*Source material*.
::::

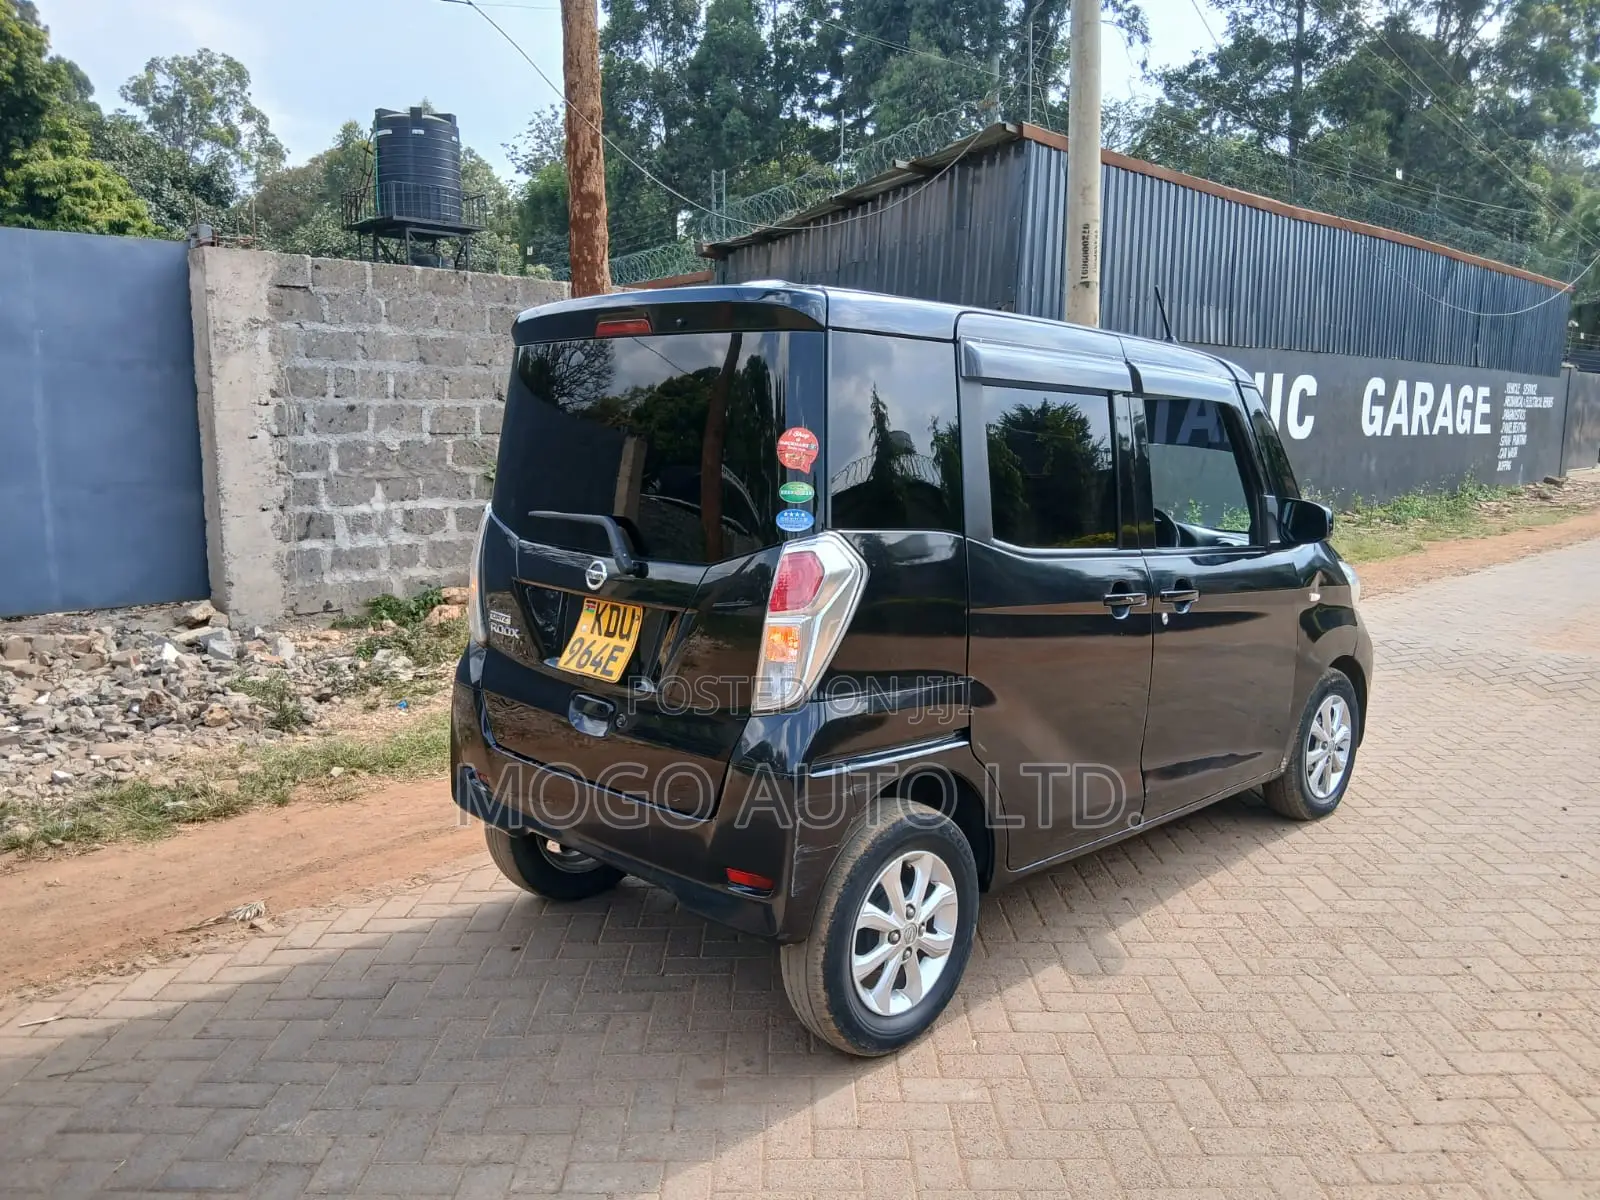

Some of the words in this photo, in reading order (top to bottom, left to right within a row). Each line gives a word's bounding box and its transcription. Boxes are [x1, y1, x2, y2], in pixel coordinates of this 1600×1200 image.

[1361, 375, 1492, 438] GARAGE
[490, 621, 521, 639] ROOX
[590, 602, 637, 642] KDU
[563, 636, 625, 678] 964E

::::

*Task to carry out*. Your task is to repeat the records exactly. Images do not belong in the copy.

*Result*.
Some of the words in this photo, in reading order (top to bottom, left to right within a row). Each line gives a word's bounding box and its transcription. Boxes are [x1, y1, x2, y2], in pixel coordinates of this 1600×1200 image.

[1361, 375, 1492, 438] GARAGE
[490, 621, 521, 639] ROOX
[590, 602, 637, 642] KDU
[563, 636, 625, 678] 964E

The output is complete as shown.